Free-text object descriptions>

· · · ·

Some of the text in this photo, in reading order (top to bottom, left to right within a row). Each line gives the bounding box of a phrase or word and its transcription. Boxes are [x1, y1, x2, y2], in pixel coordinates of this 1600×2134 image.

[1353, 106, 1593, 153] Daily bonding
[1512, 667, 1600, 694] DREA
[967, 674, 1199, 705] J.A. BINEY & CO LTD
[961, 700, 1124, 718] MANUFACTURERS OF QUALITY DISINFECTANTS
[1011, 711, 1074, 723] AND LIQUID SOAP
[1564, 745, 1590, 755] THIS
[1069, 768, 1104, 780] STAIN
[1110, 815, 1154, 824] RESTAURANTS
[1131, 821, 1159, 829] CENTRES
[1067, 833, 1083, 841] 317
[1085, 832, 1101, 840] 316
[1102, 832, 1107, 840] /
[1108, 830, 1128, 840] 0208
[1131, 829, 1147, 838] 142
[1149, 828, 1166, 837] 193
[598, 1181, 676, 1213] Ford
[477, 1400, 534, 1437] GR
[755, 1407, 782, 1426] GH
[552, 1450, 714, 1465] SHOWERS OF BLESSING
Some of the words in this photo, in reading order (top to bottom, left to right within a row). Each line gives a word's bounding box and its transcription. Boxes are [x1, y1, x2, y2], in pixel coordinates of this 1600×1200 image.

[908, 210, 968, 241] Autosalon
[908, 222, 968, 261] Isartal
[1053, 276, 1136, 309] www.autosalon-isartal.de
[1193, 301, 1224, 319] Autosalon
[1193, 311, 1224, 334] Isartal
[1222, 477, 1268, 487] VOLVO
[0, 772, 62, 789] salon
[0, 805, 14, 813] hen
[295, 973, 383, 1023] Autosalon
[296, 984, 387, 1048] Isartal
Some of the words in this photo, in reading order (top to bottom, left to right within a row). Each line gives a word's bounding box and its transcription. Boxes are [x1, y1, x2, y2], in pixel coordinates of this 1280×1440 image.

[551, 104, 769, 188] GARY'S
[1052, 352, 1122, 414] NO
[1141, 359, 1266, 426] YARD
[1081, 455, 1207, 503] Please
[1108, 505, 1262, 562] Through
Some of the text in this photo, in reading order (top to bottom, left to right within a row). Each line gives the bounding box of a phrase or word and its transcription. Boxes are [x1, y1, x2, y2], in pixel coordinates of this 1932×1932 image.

· · · ·

EXERCISE DESCRIPTION>
Please transcribe the entries above exactly as written.

RESPONSE TO THIS EXERCISE>
Some of the text in this photo, in reading order (top to bottom, left to right within a row). Each line gives the bounding box of a phrase or word and its transcription. Boxes are [x1, y1, x2, y2], in pixel coordinates of this 1600×2134 image.

[1353, 106, 1593, 153] Daily bonding
[1512, 667, 1600, 694] DREA
[967, 674, 1199, 705] J.A. BINEY & CO LTD
[961, 700, 1124, 718] MANUFACTURERS OF QUALITY DISINFECTANTS
[1011, 711, 1074, 723] AND LIQUID SOAP
[1564, 745, 1590, 755] THIS
[1069, 768, 1104, 780] STAIN
[1110, 815, 1154, 824] RESTAURANTS
[1131, 821, 1159, 829] CENTRES
[1067, 833, 1083, 841] 317
[1085, 832, 1101, 840] 316
[1102, 832, 1107, 840] /
[1108, 830, 1128, 840] 0208
[1131, 829, 1147, 838] 142
[1149, 828, 1166, 837] 193
[598, 1181, 676, 1213] Ford
[477, 1400, 534, 1437] GR
[755, 1407, 782, 1426] GH
[552, 1450, 714, 1465] SHOWERS OF BLESSING
Some of the words in this photo, in reading order (top to bottom, left to right within a row). Each line gives a word's bounding box and its transcription. Boxes are [x1, y1, x2, y2], in pixel coordinates of this 1600×1200 image.

[908, 210, 968, 241] Autosalon
[908, 222, 968, 261] Isartal
[1053, 276, 1136, 309] www.autosalon-isartal.de
[1193, 301, 1224, 319] Autosalon
[1193, 311, 1224, 334] Isartal
[1222, 477, 1268, 487] VOLVO
[0, 772, 62, 789] salon
[0, 805, 14, 813] hen
[295, 973, 383, 1023] Autosalon
[296, 984, 387, 1048] Isartal
Some of the words in this photo, in reading order (top to bottom, left to right within a row). Each line gives a word's bounding box and its transcription. Boxes are [x1, y1, x2, y2], in pixel coordinates of this 1280×1440 image.

[551, 104, 769, 188] GARY'S
[1052, 352, 1122, 414] NO
[1141, 359, 1266, 426] YARD
[1081, 455, 1207, 503] Please
[1108, 505, 1262, 562] Through
Some of the text in this photo, in reading order (top to bottom, left to right within a row). Each line gives the bounding box of a phrase or word and its transcription. Boxes are [x1, y1, x2, y2], in pixel coordinates of this 1932×1932 image.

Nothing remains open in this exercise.